El estudio del cráneo de medio millar de cánidos muestra que su morfología era muy variada poco después de su domesticación

En la Inglaterra victoriana de la segunda mitad del siglo XIX, 12 distinguidos caballeros encabezados por Sewallis Shirley crearon el Kennel Club. Era la época en la que se popularizaron las leyes mendelianas de la herencia y las teorías de Charles Darwin. Con el club, Shirley, parlamentario en Westminster (como antes lo fueron su padre y su abuelo) quería crear las normas para determinar y mantener el pedigrí de las muchas razas de perros que surgían en aquellos años. Hoy, con decenas de clubes Kennel por todo el mundo y miles más afiliados, se cree que la diversidad de razas de canes (359 reconocidas por Federación Cinológica Internacional, y contando) se produjo en ese tiempo. Un trabajo publicado en Science matiza esa idea: hace más de 10.000 años, ya había perros de toda forma y tamaño.

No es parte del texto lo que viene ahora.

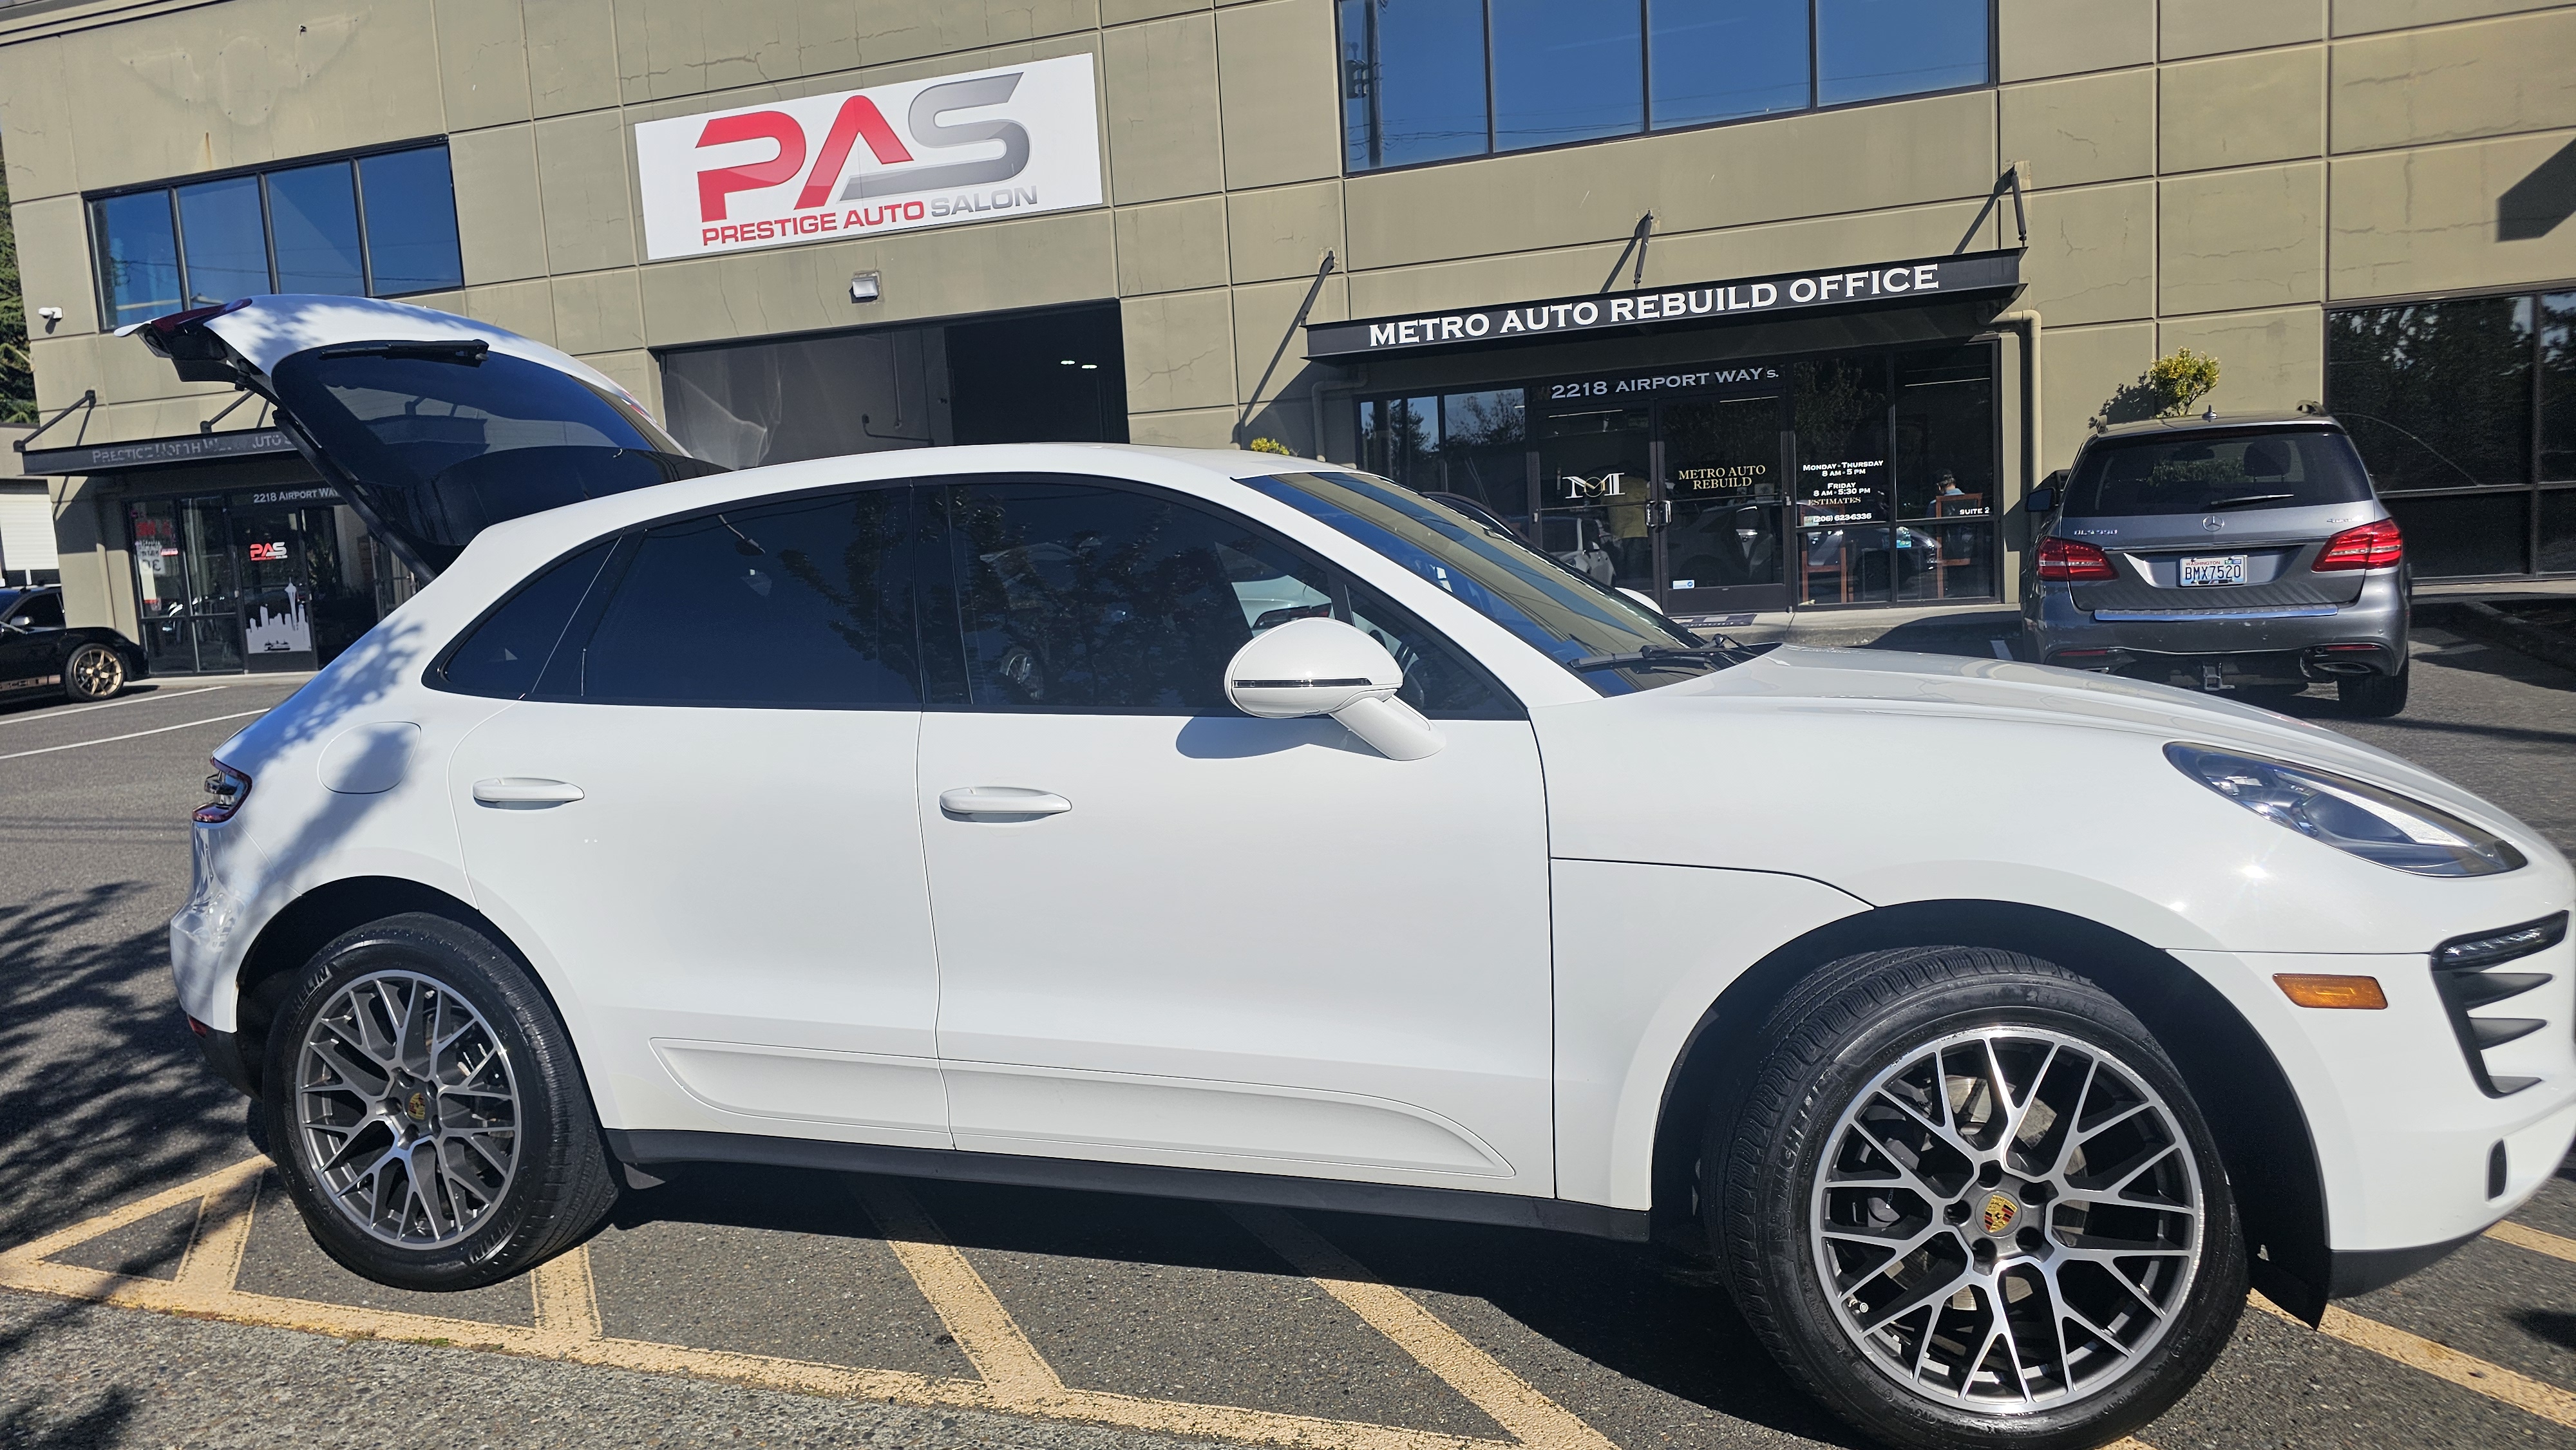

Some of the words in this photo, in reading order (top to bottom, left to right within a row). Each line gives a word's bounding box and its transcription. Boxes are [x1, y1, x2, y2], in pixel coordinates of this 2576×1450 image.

En algún momento del final de la última glaciación, los científicos no se ponen de acuerdo en el cuándo, los humanos domesticaron a lobos o quizá a un ancestro común de lobos y perros, cuyos descendientes nos han acompañado desde entonces. Las autoras del nuevo trabajo tampoco despejan la duda, ni lo pretendían. Pero lo que muestran de forma contundente es que desde hace al menos 11.000 años los canes ya eran morfológicamente canes. Y no solo eso, también demuestran que tenían un abanico de formas y tamaños, quizá no tan extremo como en la actualidad, pero sí mucho más diverso de lo que se creía.